Nickel hypersensitivity and coronary artery stents

INTRODUCTION — There is growing concern within the medical, surgical, and patient communities about possible allergic (hypersensitivity) reactions to foreign materials implanted in the body. A question that has generated consults to allergy and dermatology specialists is whether hypersensitivity reactions to materials in intracoronary artery stents could be associated with stent restenosis.

Many coronary stents are made from stainless steel, which is steel with added nickel and chromium, and nickel is one of the most common causes of allergic contact dermatitis (ACD). Some may also contain cobalt, molybdenum, or other metals. Thus, a possible association between metal hypersensitivity and stent restenosis has been questioned.

The evidence supporting and refuting an association between metal hypersensitivity and intracoronary artery stent restenosis will be reviewed here. Restenosis of intracoronary stents is discussed separately. (See "Intracoronary stent restenosis".)

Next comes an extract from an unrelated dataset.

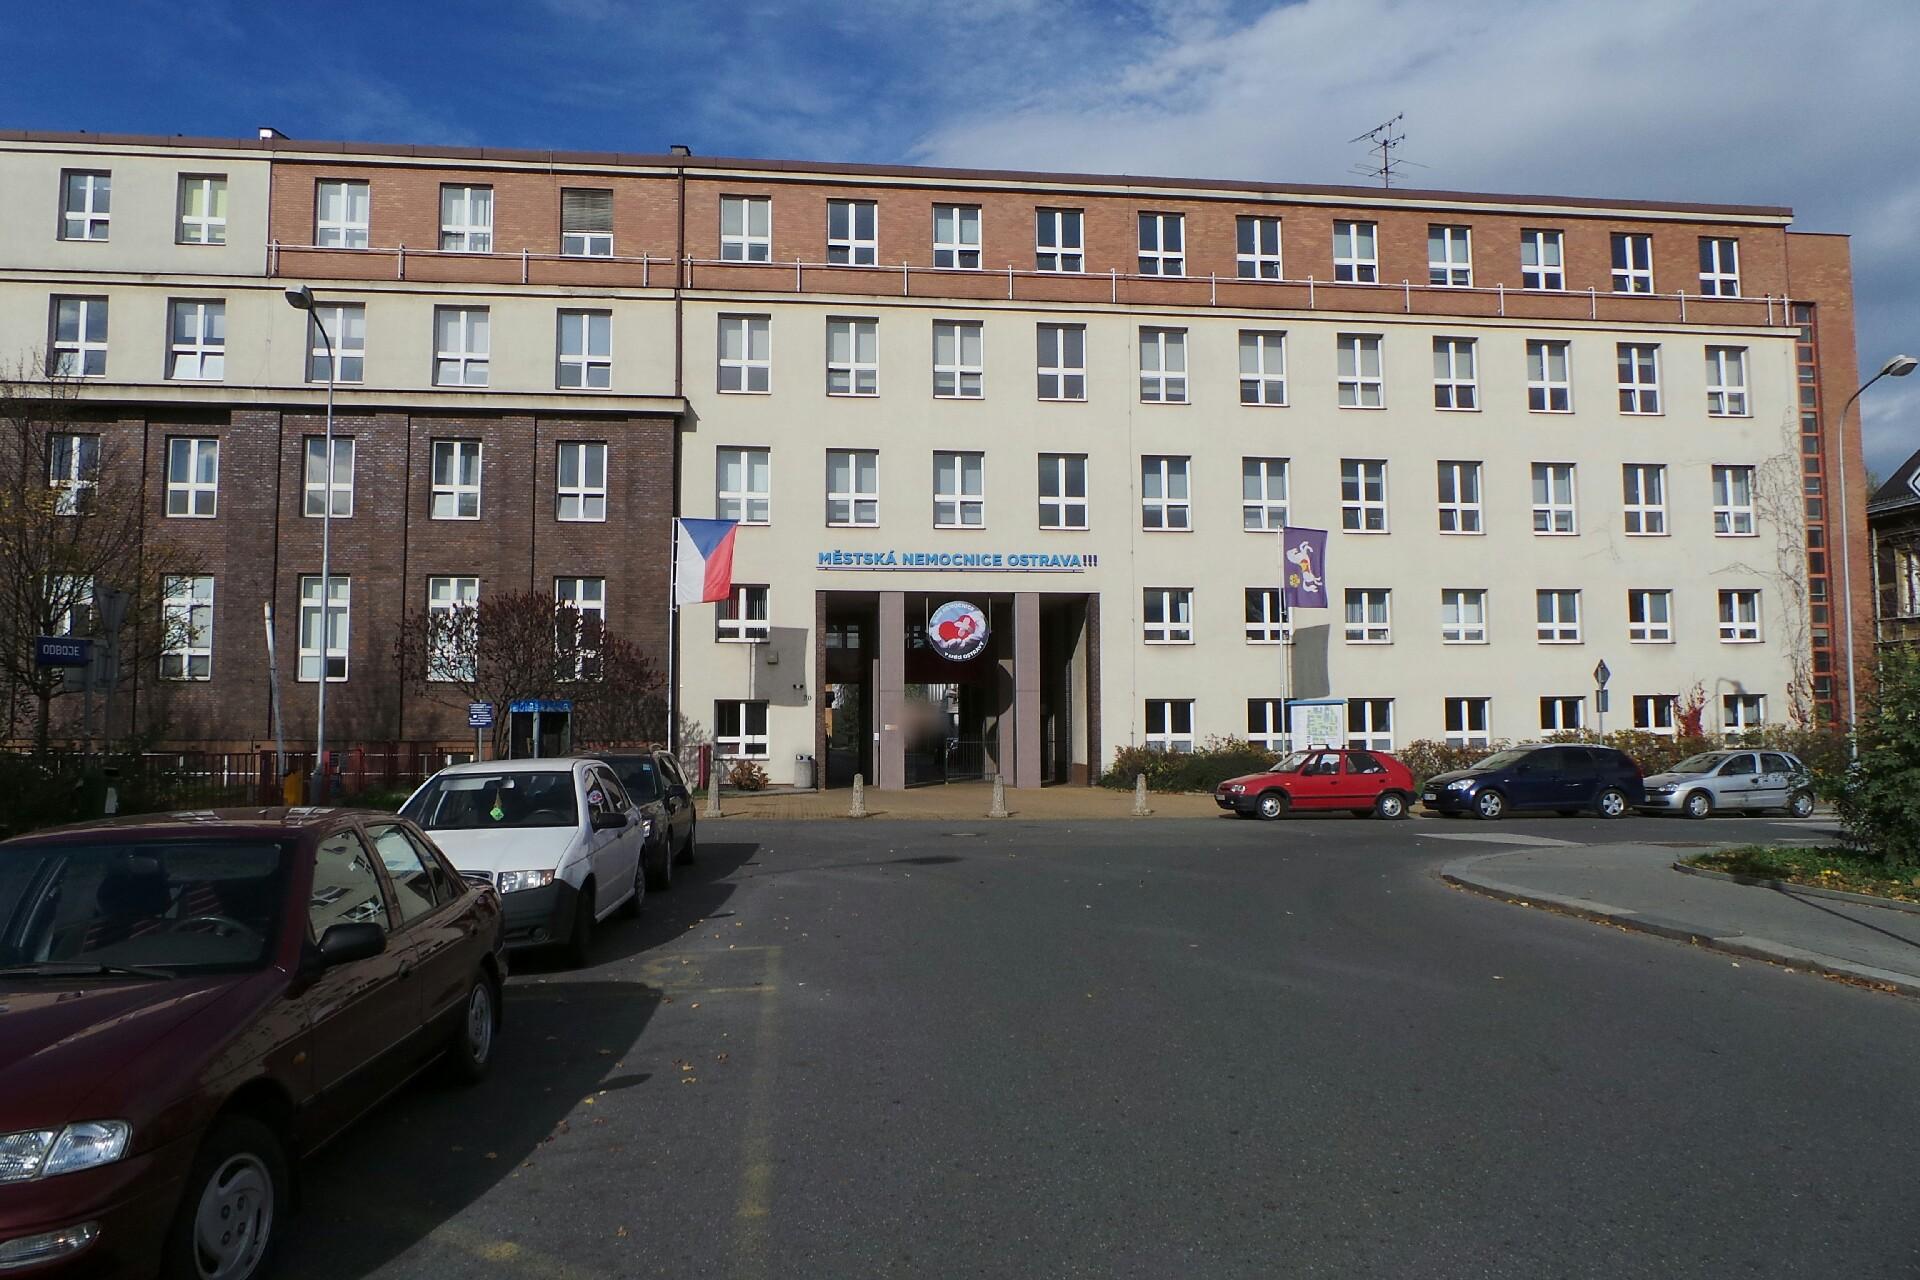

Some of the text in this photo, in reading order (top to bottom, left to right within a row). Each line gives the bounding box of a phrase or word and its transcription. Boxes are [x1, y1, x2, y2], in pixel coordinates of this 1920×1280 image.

[818, 550, 897, 566] MĚSTSKÁ
[902, 553, 1002, 567] NEMOCNICE
[43, 644, 80, 656] ODBOJE

BACKGROUND — A brief review of nickel hypersensitivity and the composition of intracoronary stents is helpful in understanding the studies presented in this topic.

Metal hypersensitivity — The most common form of metal hypersensitivity is allergic contact dermatitis (ACD) caused by nickel. Cobalt, chromium, molybdenum, and gold are less often implicated in ACD [1]. Estimates of the prevalence of nickel sensitivity in the general population are up to 19 percent [1,2]. Nickel is found in many commercial products, including zippers, buttons, jewelry, watches, eyeglass frames, and mobile phones, and many of these items have been linked to ACD reactions.

Allergic contact dermatitis — ACD is a form of cutaneous hypersensitivity that may develop in susceptible individuals when the skin has direct and repeated contact with an allergen. The development of ACD involves two phases: an initial induction phase, during which sensitization to the allergen occurs, followed by an elicitation phase, when reexposure to the allergen results in cutaneous inflammation at the site of contact. It presents clinically as a red, pruritic rash, often with areas of vesiculation (picture 1).

ACD is usually a subacute or chronic disorder mediated by allergen-specific T cells in the skin. It is a type IV (or delayed) hypersensitivity that does not involve sudden or immediate allergic reactions, systemic features, or escalation to anaphylaxis, which are characteristics of type I hypersensitivity reactions.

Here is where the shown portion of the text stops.